Type promotion is required. All arrays flowing into the problem must have the same element type. Use promote_type across all inputs (as in kf_loglik above) or the _promote helper to convert Float64 arrays to the Dual type.
Fresh allocation each call. ForwardDiff creates new caches with Dual element types via solve(). This is unavoidable (unlike Enzyme, which reuses Float64 caches with separate shadow arrays). Use save_everystep=false to minimize these allocations from O(T) to O(1) when you only need logpdf.

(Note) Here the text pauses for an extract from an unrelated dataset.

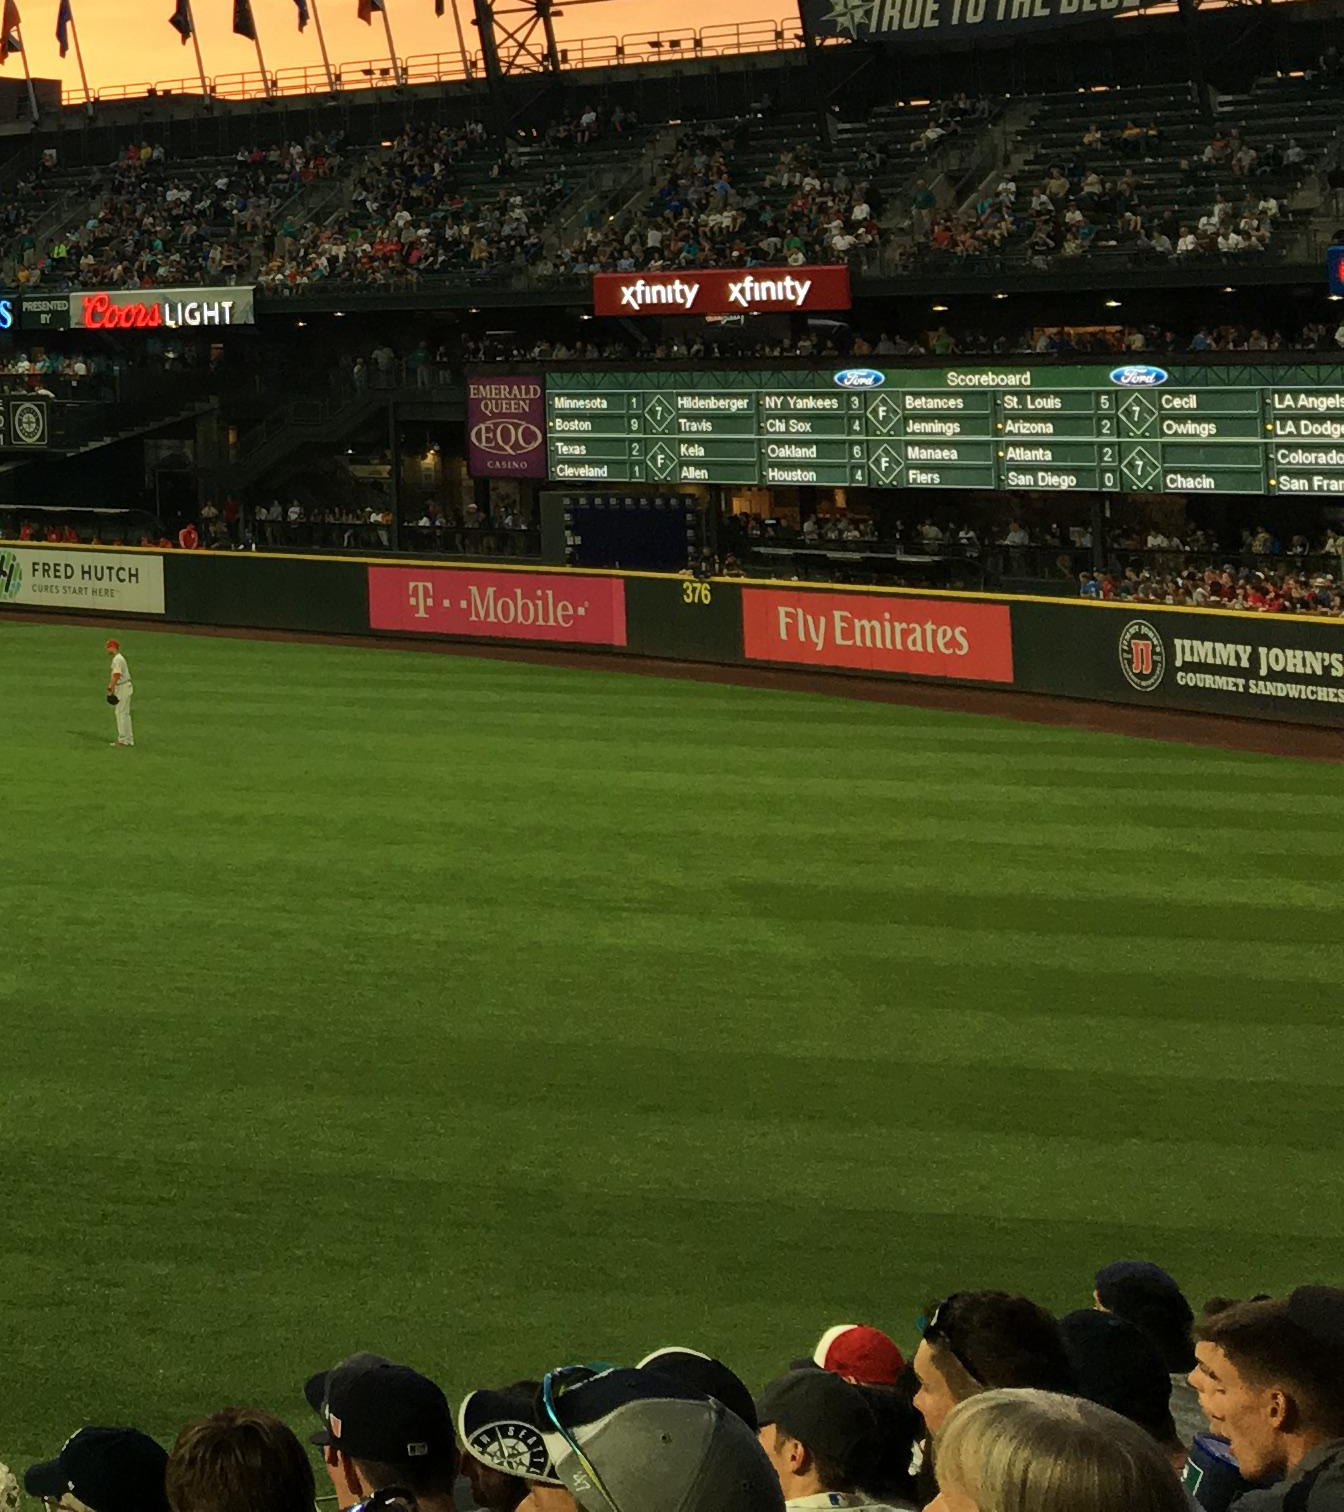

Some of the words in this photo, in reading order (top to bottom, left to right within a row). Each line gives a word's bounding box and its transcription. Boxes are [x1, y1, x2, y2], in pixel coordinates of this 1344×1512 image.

Chunk size.ForwardDiff.gradient defaults to a chunk size of ~10, processing 10 partial derivatives per forward pass. For parameter count > 10, it runs multiple passes. This makes ForwardDiff cost scale linearly with the number of parameters being differentiated.
Observations stay Float64. The observables (data) are not differentiated and can remain Vector{Vector{Float64}}. The solver's internal buffers are allocated with the Dual element type, so when Float64 observations are copied in, the dual partials are zero — which is correct since observations are data, not parameters being differentiated.
DirectIteration noise sensitivity. When differentiating DirectIteration w.r.t. the noise sequence, the parameter dimension is K × T (shocks × periods). Even for small state-space models, long time series make ForwardDiff expensive and Enzyme reverse the better choice.